● What the task requires: The answer must be an exact copy of every entry, with no pictures in it.

(Entries taken from a collection)
********

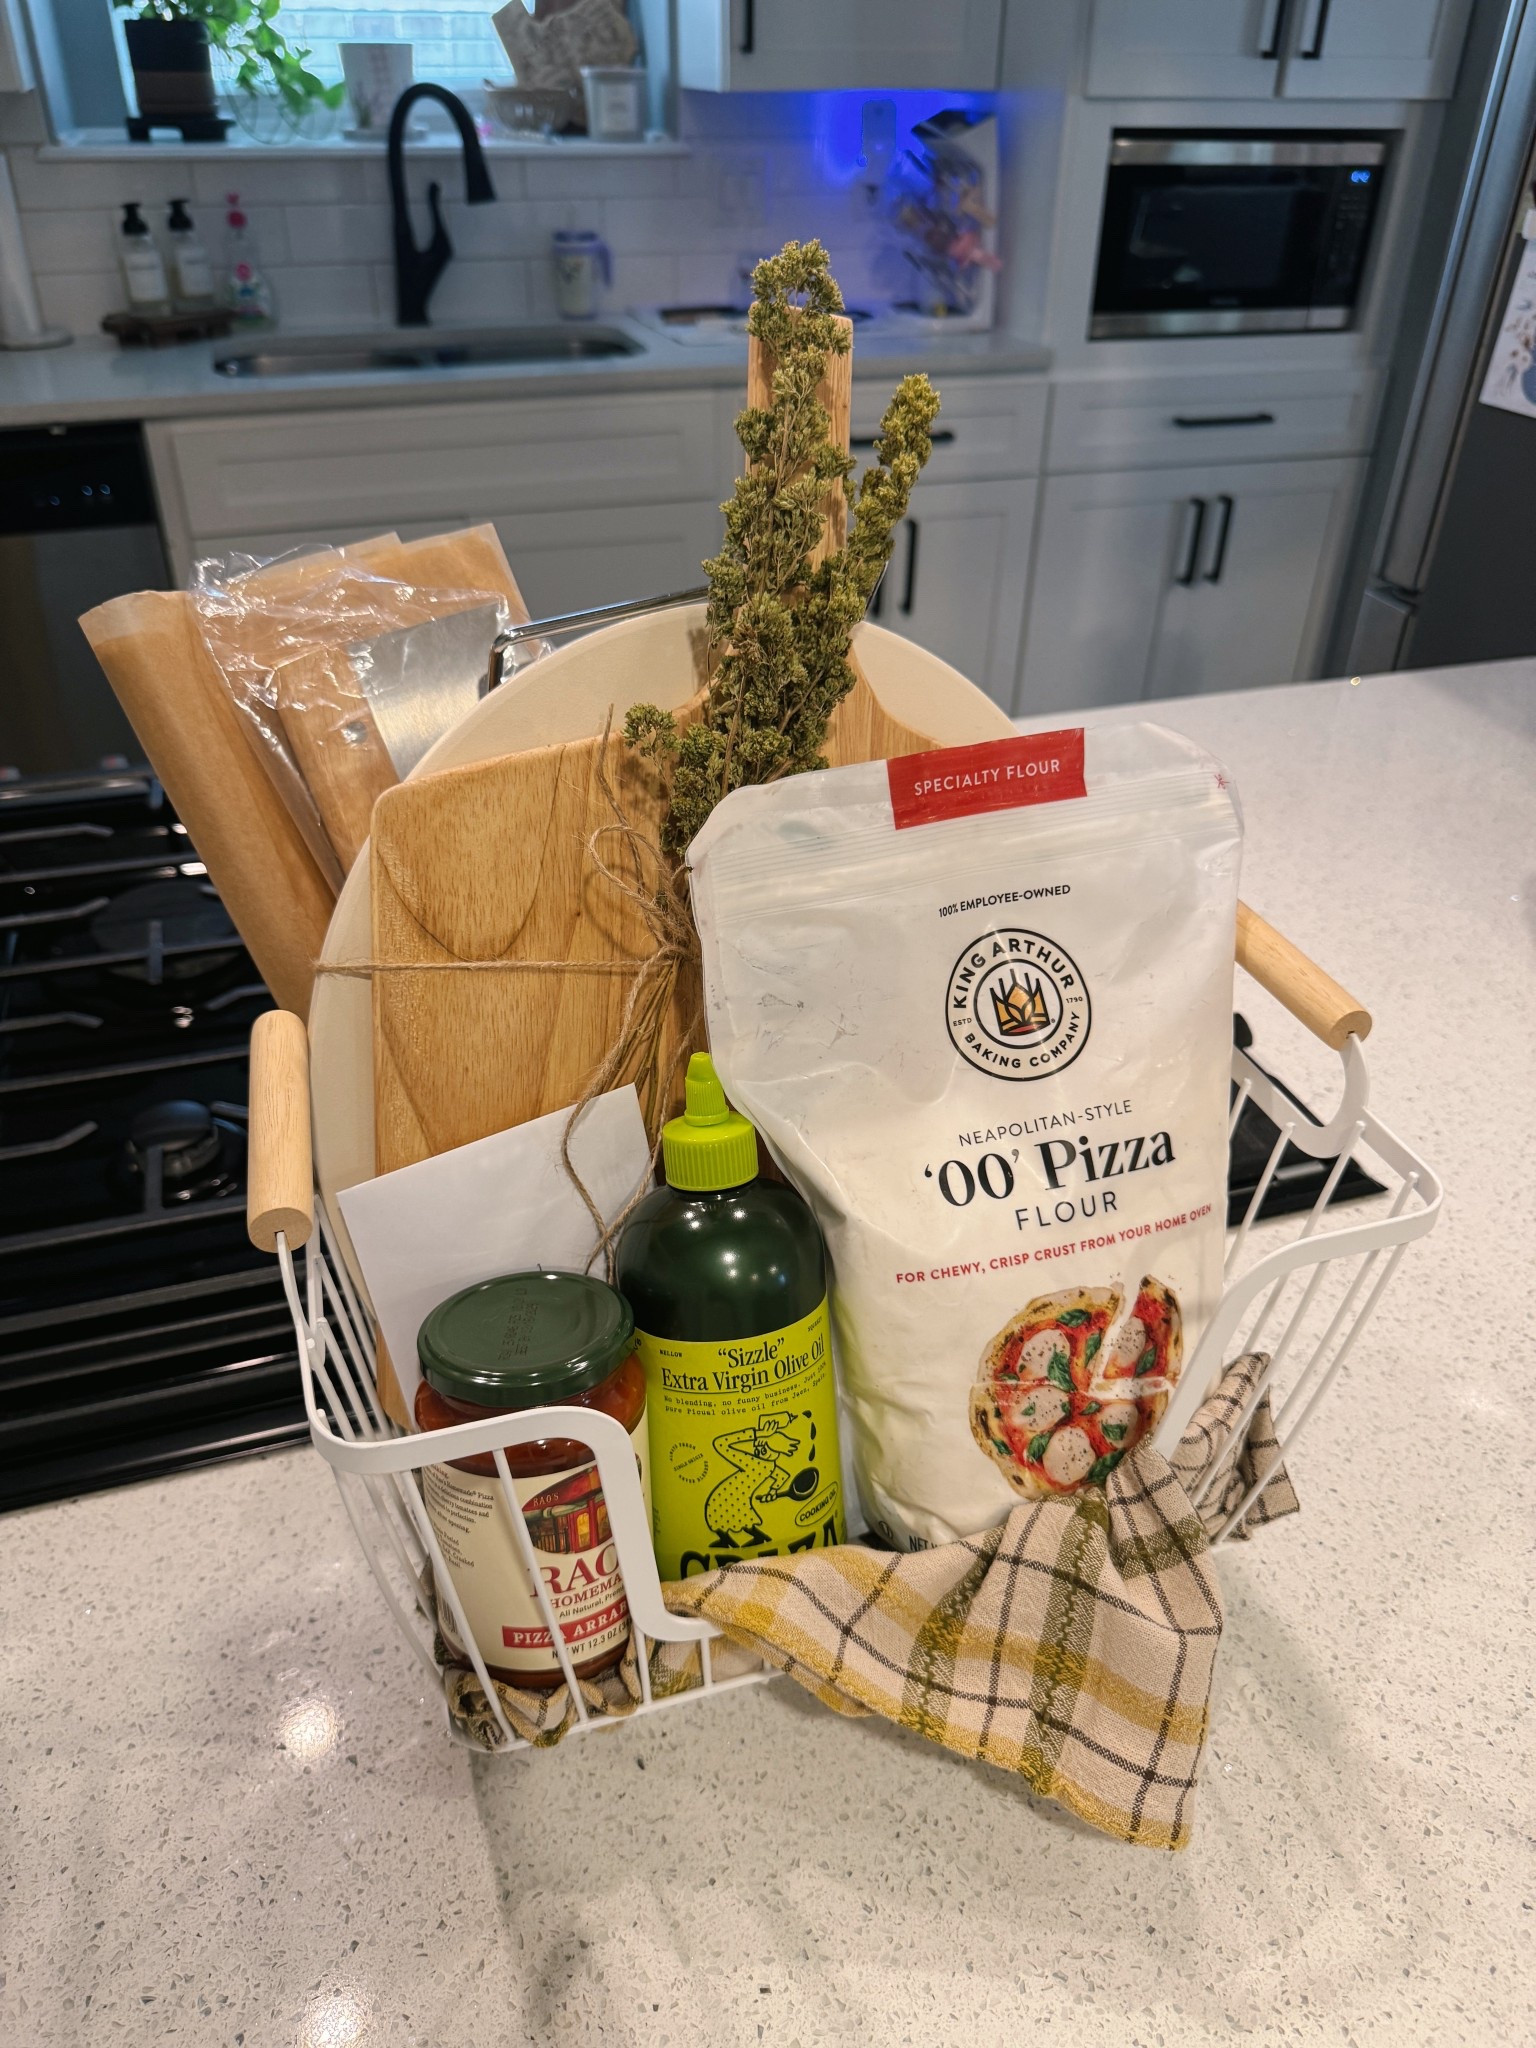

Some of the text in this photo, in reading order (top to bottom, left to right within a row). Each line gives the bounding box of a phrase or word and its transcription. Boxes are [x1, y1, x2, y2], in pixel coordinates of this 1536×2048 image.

[914, 759, 1061, 796] SPECIALTY FLOUR
[938, 884, 1071, 917] 100% EMPLOYEE-OWNED
[953, 938, 1075, 1009] KING ARTHUR
[1065, 996, 1083, 1004] 1790
[953, 1017, 972, 1027] ESTD
[965, 1011, 1080, 1068] BAKING COMPANY
[959, 1099, 1132, 1147] NEAPOLITAN-STYLE
[1034, 1131, 1176, 1191] Pizza
[1015, 1191, 1117, 1231] FLOUR
[896, 1203, 1212, 1284] FOR CHEWY, CRISP CRUST FROM YOUR HOME OVEN
[661, 1333, 825, 1394] Extra Virgin Olive Oil
[664, 1395, 673, 1403] No
[676, 1395, 717, 1408] blending,
[737, 1396, 760, 1405] funny
[764, 1383, 801, 1399] business.
[804, 1372, 816, 1384] Just
[665, 1405, 682, 1414] pure
[721, 1406, 747, 1415] olive
[751, 1403, 766, 1412] oil
[771, 1396, 789, 1407] from
[455, 1503, 478, 1516] tomatoes
[460, 1497, 493, 1510] combination
[478, 1492, 495, 1501] Pizza
[533, 1493, 559, 1507] RAO'S
[800, 1489, 836, 1522] COOKING OIL
[527, 1542, 620, 1598] RAO
[551, 1575, 623, 1609] HOMEMA
[559, 1585, 624, 1619] All Natural, Prem
[573, 1604, 628, 1638] ARRAB
[571, 1641, 586, 1655] WT
[588, 1632, 606, 1648] 12.3
[607, 1628, 618, 1640] OZ

********

● Answer to this task:
Some of the text in this photo, in reading order (top to bottom, left to right within a row). Each line gives the bounding box of a phrase or word and its transcription. Boxes are [x1, y1, x2, y2], in pixel coordinates of this 1536×2048 image.

[914, 759, 1061, 796] SPECIALTY FLOUR
[938, 884, 1071, 917] 100% EMPLOYEE-OWNED
[953, 938, 1075, 1009] KING ARTHUR
[1065, 996, 1083, 1004] 1790
[953, 1017, 972, 1027] ESTD
[965, 1011, 1080, 1068] BAKING COMPANY
[959, 1099, 1132, 1147] NEAPOLITAN-STYLE
[1034, 1131, 1176, 1191] Pizza
[1015, 1191, 1117, 1231] FLOUR
[896, 1203, 1212, 1284] FOR CHEWY, CRISP CRUST FROM YOUR HOME OVEN
[661, 1333, 825, 1394] Extra Virgin Olive Oil
[664, 1395, 673, 1403] No
[676, 1395, 717, 1408] blending,
[737, 1396, 760, 1405] funny
[764, 1383, 801, 1399] business.
[804, 1372, 816, 1384] Just
[665, 1405, 682, 1414] pure
[721, 1406, 747, 1415] olive
[751, 1403, 766, 1412] oil
[771, 1396, 789, 1407] from
[455, 1503, 478, 1516] tomatoes
[460, 1497, 493, 1510] combination
[478, 1492, 495, 1501] Pizza
[533, 1493, 559, 1507] RAO'S
[800, 1489, 836, 1522] COOKING OIL
[527, 1542, 620, 1598] RAO
[551, 1575, 623, 1609] HOMEMA
[559, 1585, 624, 1619] All Natural, Prem
[573, 1604, 628, 1638] ARRAB
[571, 1641, 586, 1655] WT
[588, 1632, 606, 1648] 12.3
[607, 1628, 618, 1640] OZ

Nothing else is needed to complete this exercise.